Often, I feel less safe in protected bike lanes. Just last week, within a one mile stretch in Evanston, I was nearly run over by a driver trying to turn onto the road I was on from a side street. Rather than stopping, looking for bike traffic in the bike lane, he simply kept driving directly across my path. Fortunately, I was able to stop suddenly and avoid injury, but it was the driver who swore at me for being in his path. Clearly, he didn’t know, or care, what the law required of him.
A minute or so later, I was still in the same protected bike lane and nearly struck an Amazon delivery person, who was crossing the lane carrying packages.

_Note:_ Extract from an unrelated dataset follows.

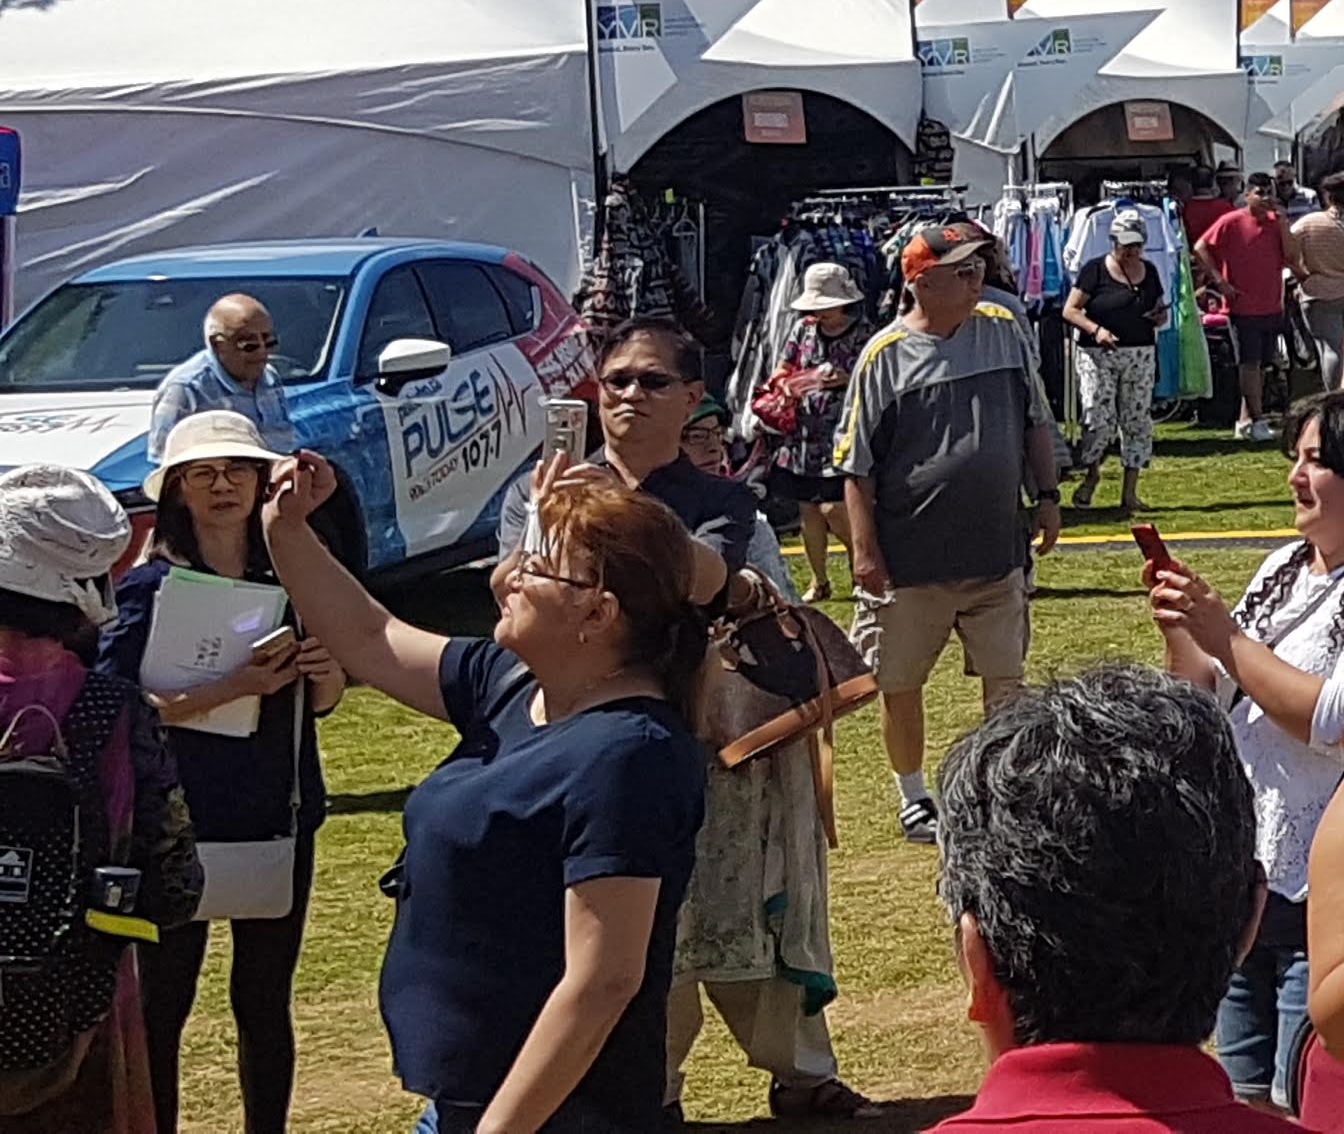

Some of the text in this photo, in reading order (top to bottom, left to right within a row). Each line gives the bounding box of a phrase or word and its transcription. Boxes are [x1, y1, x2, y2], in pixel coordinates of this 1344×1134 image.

[597, 17, 661, 40] YVR
[402, 369, 495, 479] PULSE
[462, 418, 502, 474] 107.7

He never looked, never stopped, and would have been smushed had I not unleashed a guttural “heads up” and used my disc brakes to their fullest extent.
It comes down to awareness and acceptance.
If drivers and pedestrians are not aware of the law, or simply don’t care, or don’t appreciate the danger of moving bicycles, all the technology and engineering in the world won’t help protect bicyclists.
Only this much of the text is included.